Exercise goal: In your copy, leave out the pictures and reproduce the listing below exactly.

Given information:
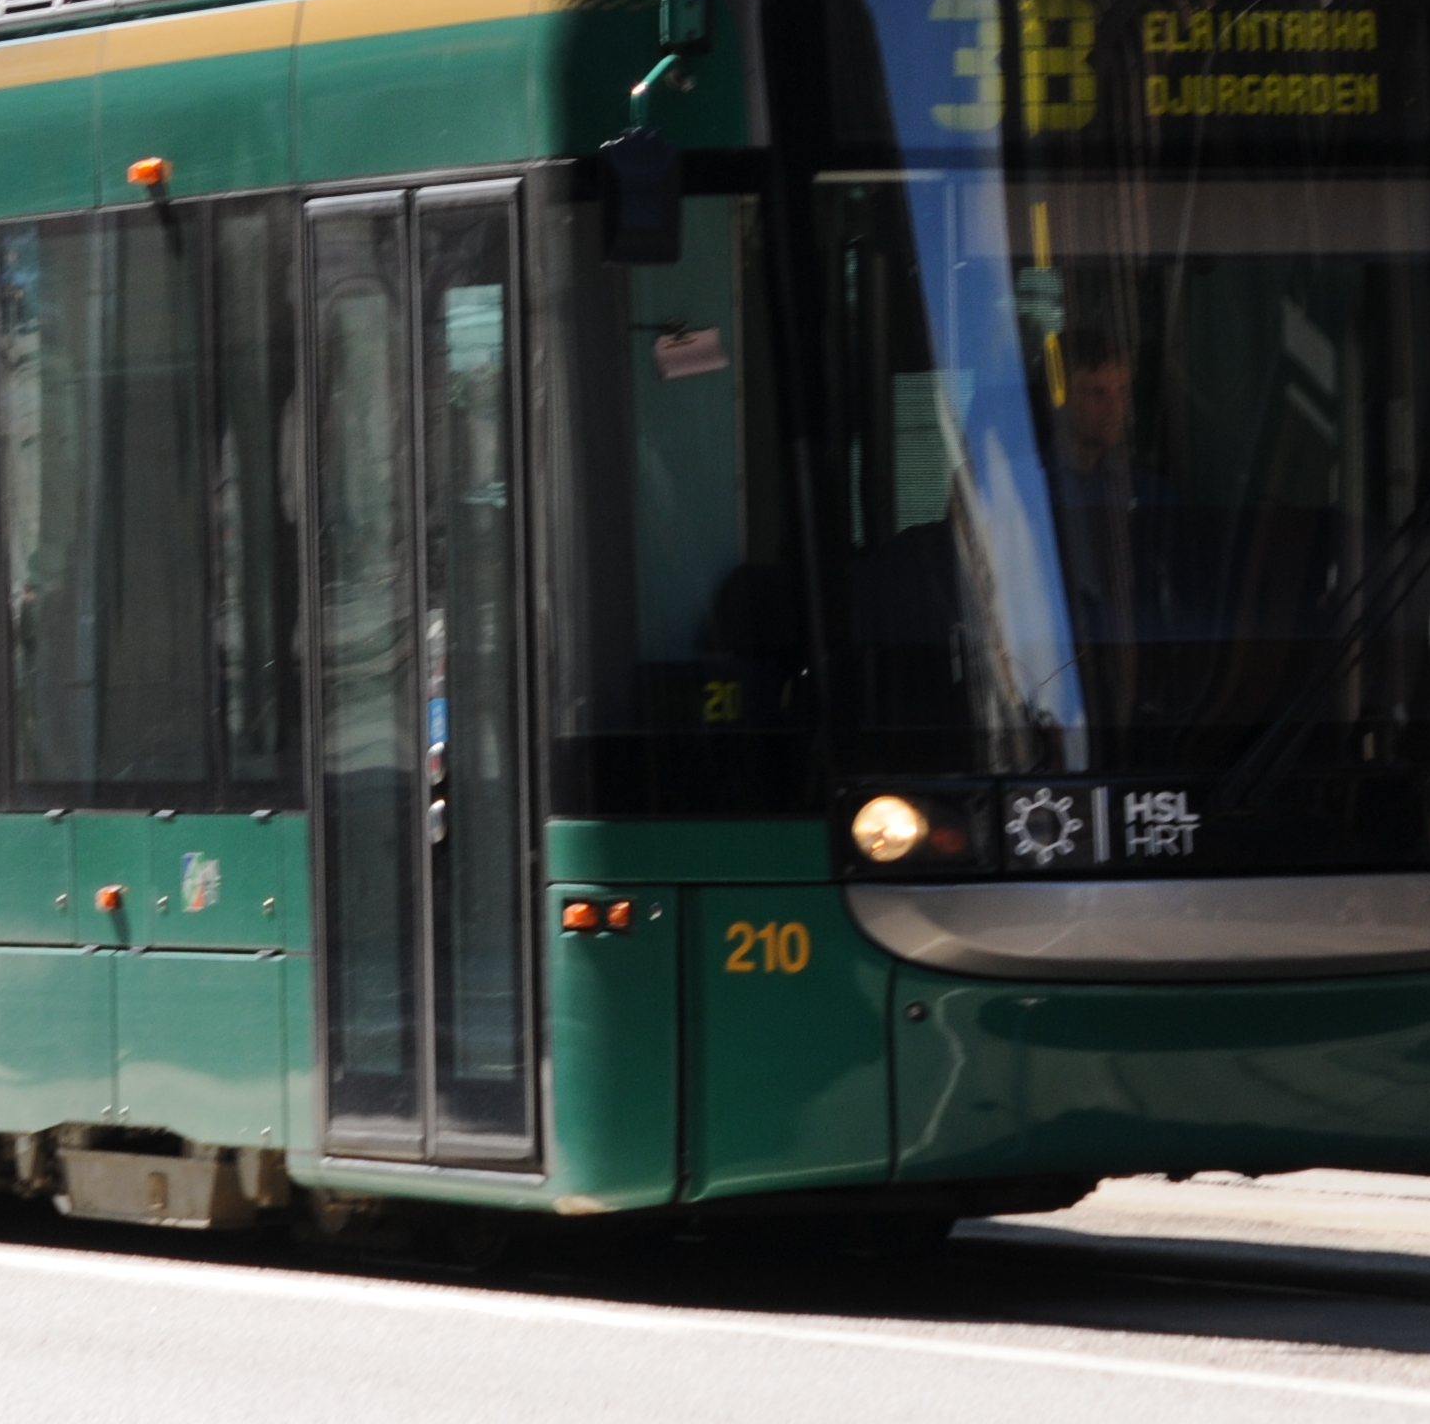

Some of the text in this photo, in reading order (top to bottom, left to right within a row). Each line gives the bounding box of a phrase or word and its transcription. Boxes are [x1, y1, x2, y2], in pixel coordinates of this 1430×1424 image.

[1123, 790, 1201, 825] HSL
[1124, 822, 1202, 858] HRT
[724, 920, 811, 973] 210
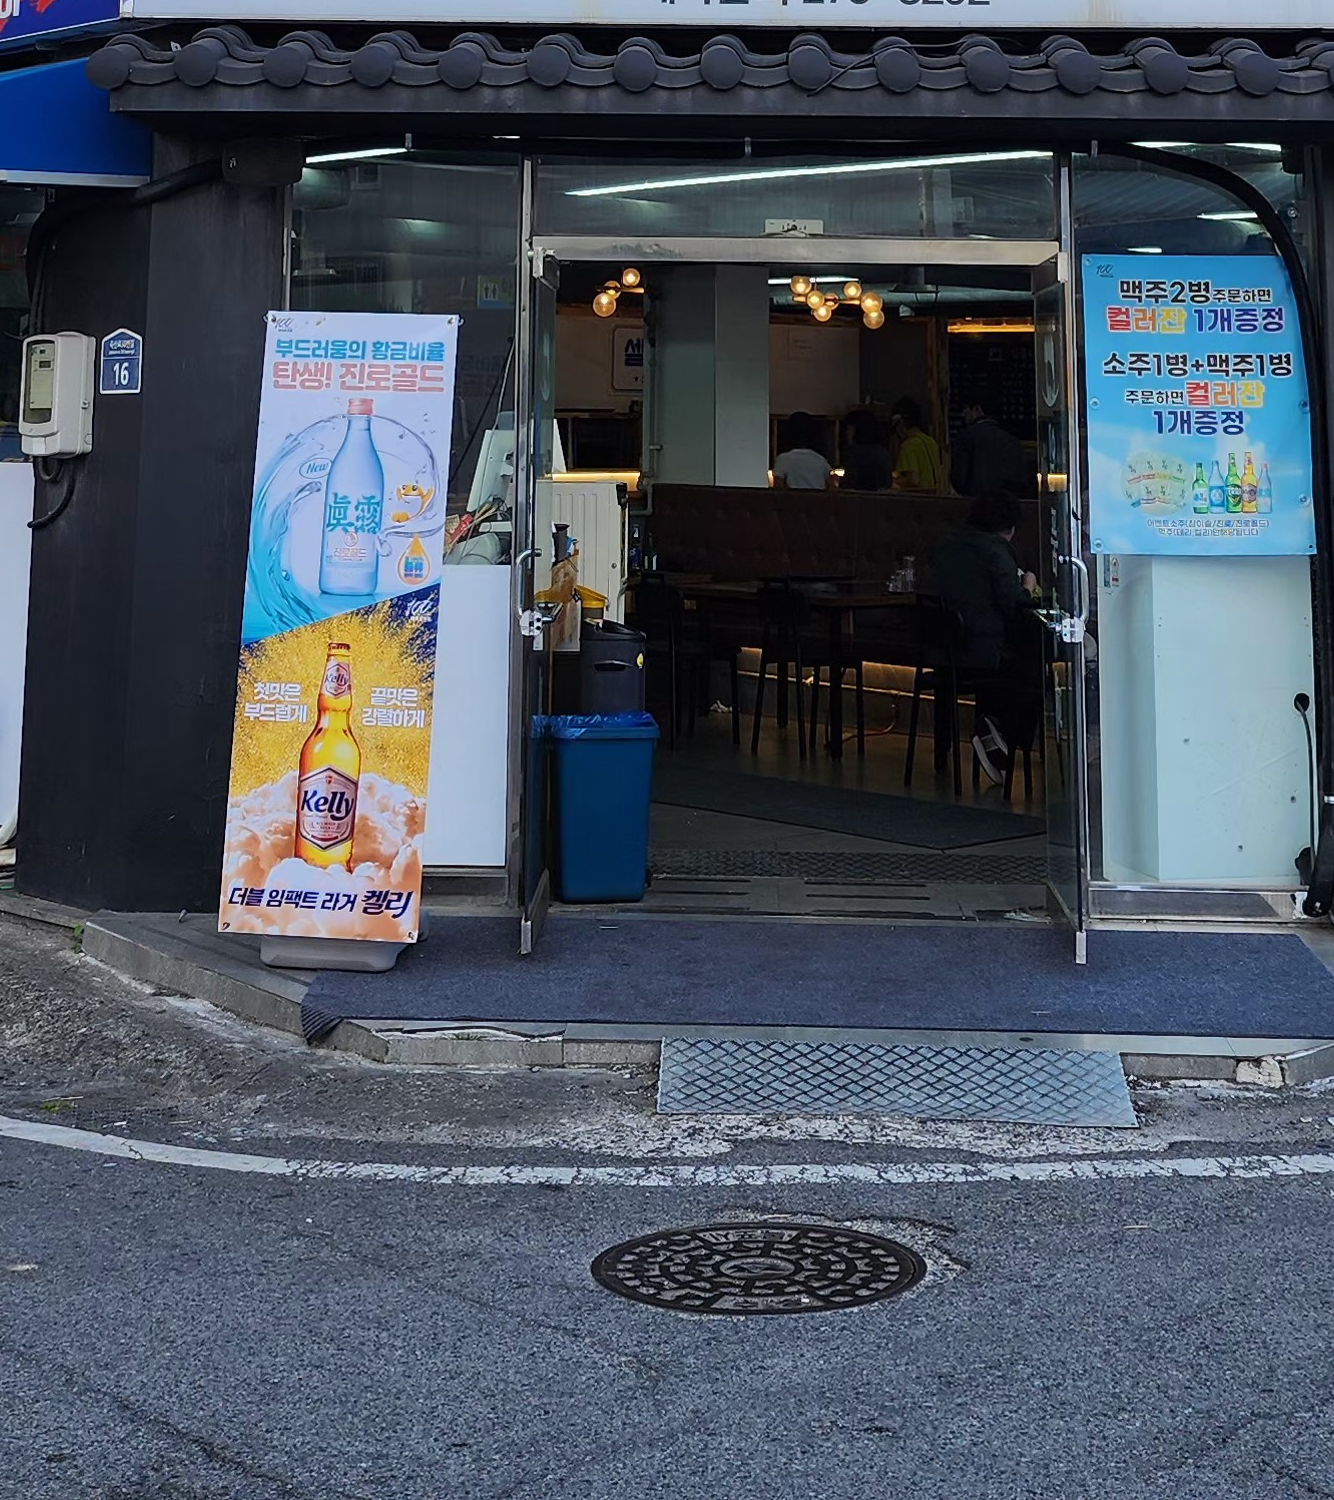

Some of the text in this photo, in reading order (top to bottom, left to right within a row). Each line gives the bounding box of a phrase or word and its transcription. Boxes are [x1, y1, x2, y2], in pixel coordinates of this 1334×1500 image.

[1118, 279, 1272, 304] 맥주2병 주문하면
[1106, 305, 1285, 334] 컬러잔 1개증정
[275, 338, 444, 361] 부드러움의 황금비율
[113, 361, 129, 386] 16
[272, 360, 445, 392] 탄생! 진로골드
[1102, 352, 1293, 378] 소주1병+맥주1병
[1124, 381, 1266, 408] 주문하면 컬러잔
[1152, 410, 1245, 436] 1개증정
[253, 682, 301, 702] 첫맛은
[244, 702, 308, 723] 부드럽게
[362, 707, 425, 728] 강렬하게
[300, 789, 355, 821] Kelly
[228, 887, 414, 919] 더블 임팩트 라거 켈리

Solved problem:
Some of the text in this photo, in reading order (top to bottom, left to right within a row). Each line gives the bounding box of a phrase or word and its transcription. Boxes are [x1, y1, x2, y2], in pixel coordinates of this 1430×1424 image.

[1123, 790, 1201, 825] HSL
[1124, 822, 1202, 858] HRT
[724, 920, 811, 973] 210

Some of the text in this photo, in reading order (top to bottom, left to right within a row). Each line gives the bounding box of a phrase or word and its transcription. Boxes are [x1, y1, x2, y2], in pixel coordinates of this 1334×1500 image.

[1118, 279, 1272, 304] 맥주2병 주문하면
[1106, 305, 1285, 334] 컬러잔 1개증정
[275, 338, 444, 361] 부드러움의 황금비율
[113, 361, 129, 386] 16
[272, 360, 445, 392] 탄생! 진로골드
[1102, 352, 1293, 378] 소주1병+맥주1병
[1124, 381, 1266, 408] 주문하면 컬러잔
[1152, 410, 1245, 436] 1개증정
[253, 682, 301, 702] 첫맛은
[244, 702, 308, 723] 부드럽게
[362, 707, 425, 728] 강렬하게
[300, 789, 355, 821] Kelly
[228, 887, 414, 919] 더블 임팩트 라거 켈리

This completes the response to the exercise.